Figure 2.

Ethylene (ET) biosynthesis and the signaling cascade pathway. (A) Model for the ET biosynthesis pathway. The precursor SAM is produced by SAMS with methionine as substrate. SAM is converted to the intermediate chemical ACC by ACS with the release of MTA as byproduct. MTA is recycled to methionine through the so-called Yang cycle. The rate-limiting enzyme ACS is highlighted in red. (B) Model for the ET signaling cascade. In the absence of ET, CTR1 phosphorylates EIN2 and the ET pathway is therefore blocked. In the presence of ET and when it is perceived by ET receptor (i.e., ETR1, ETHYLENE RESISTANT 1), the kinase activity of CTR1 is inactivated, the EIN2 CEND becomes dephosphorylated and cleaved. CEND subsequently translocates into the nucleus to attenuate EBFs E3 ligase function. In addition, CEND may bind to the UTR of EBF1/2 mRNA to perturb EBF1/2 translation in cytosol. Stabilized EIN3 protein then activates ERF transcription factors (i.e., ERF1 and ORA59) to elicit the ET response.

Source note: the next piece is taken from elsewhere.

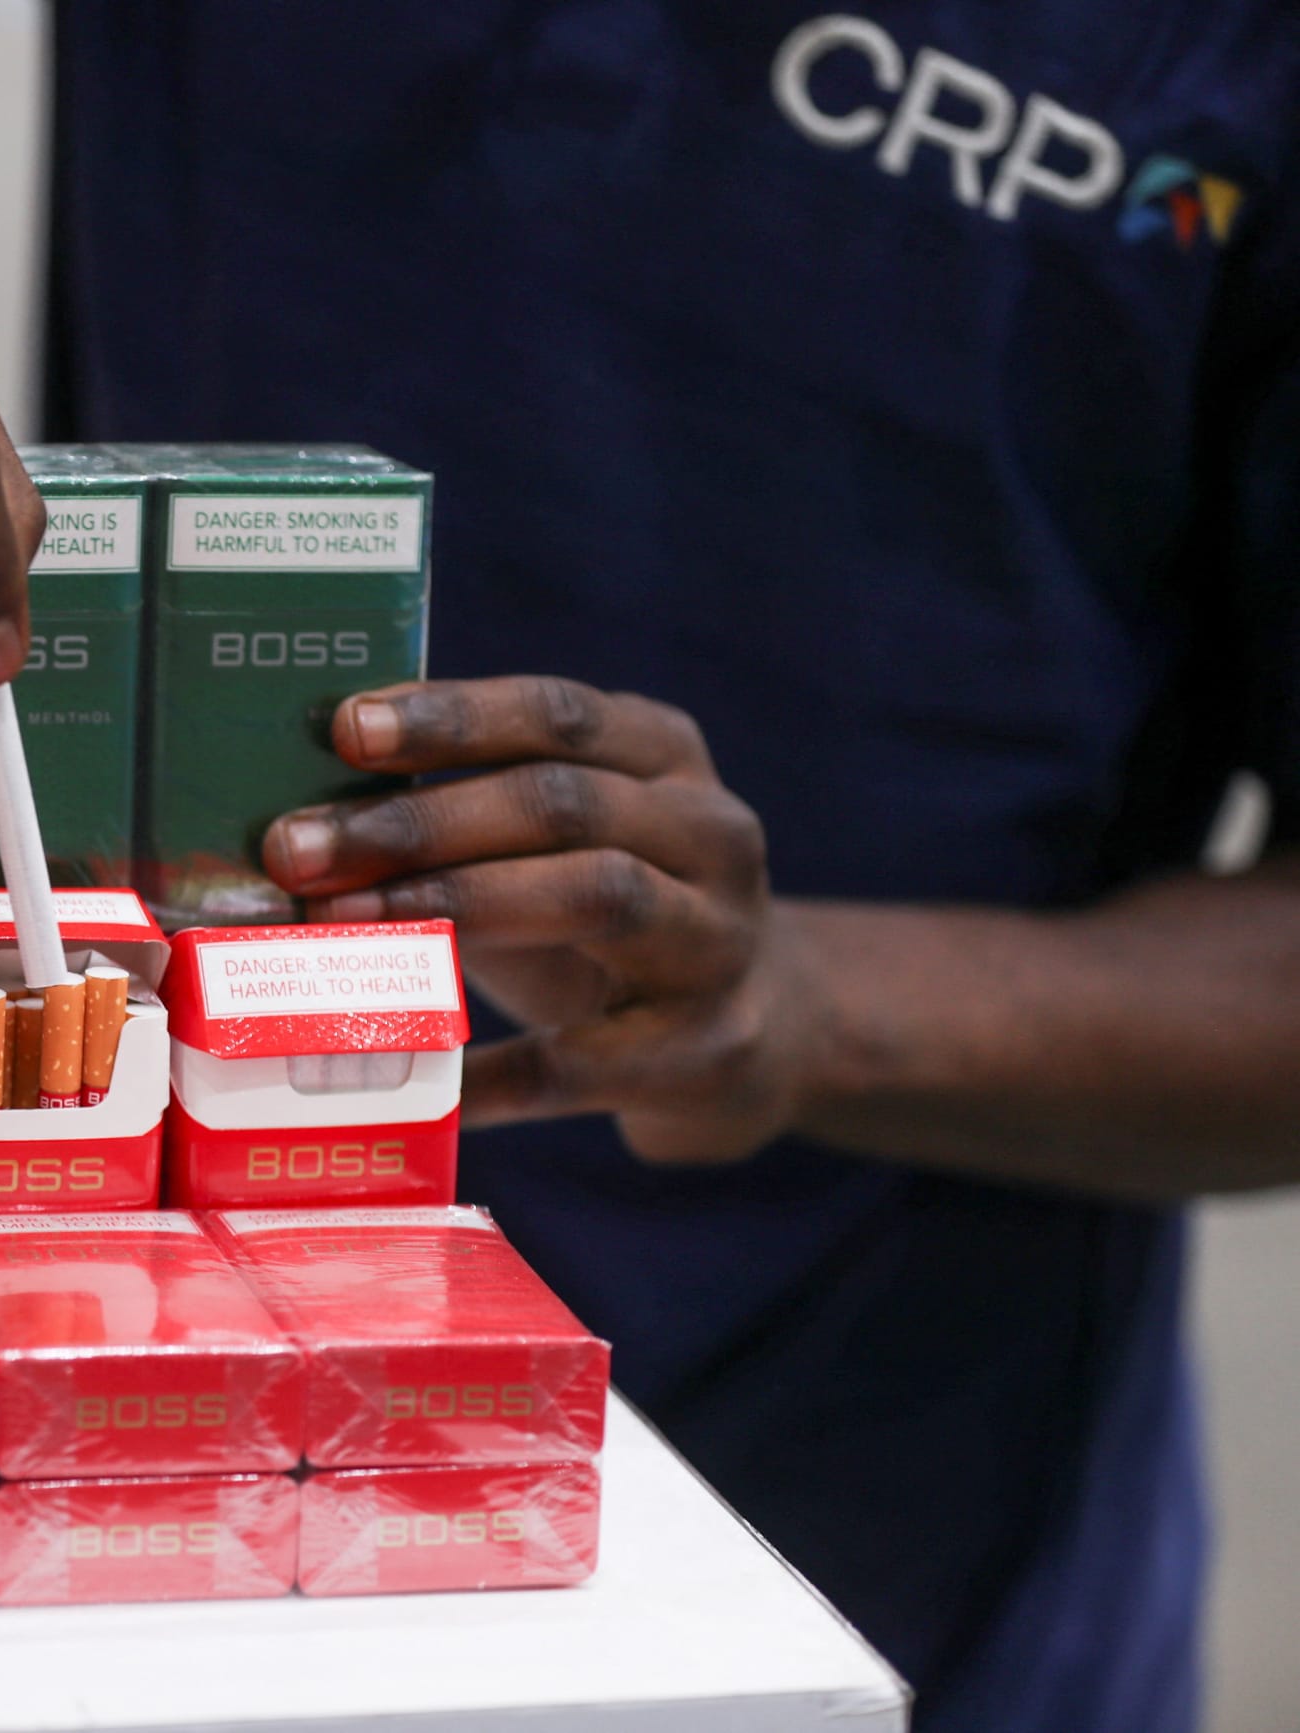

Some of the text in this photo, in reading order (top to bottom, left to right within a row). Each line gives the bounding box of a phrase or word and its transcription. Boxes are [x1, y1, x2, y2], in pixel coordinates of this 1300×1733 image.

Abbreviations: ACC, 1-Aminocyclopropane-1-carboxylic acid; ACO, ACC-oxidase; ACS, ACC synthase; CEND, C-terminal end of EIN2; CTR1, constitutive triple response 1; EBF1/2, EIN3-binding F-Box 1/2; EIN, ethylene insensitive; ER, endoplasmic reticulum; ERF, ethylene-response factor; ET, ethylene; ETR1: ethylene-resistant 1; MTA, methylthioadenosine; SAM, S-adenosyl methionine; SAMS, SAM synthase.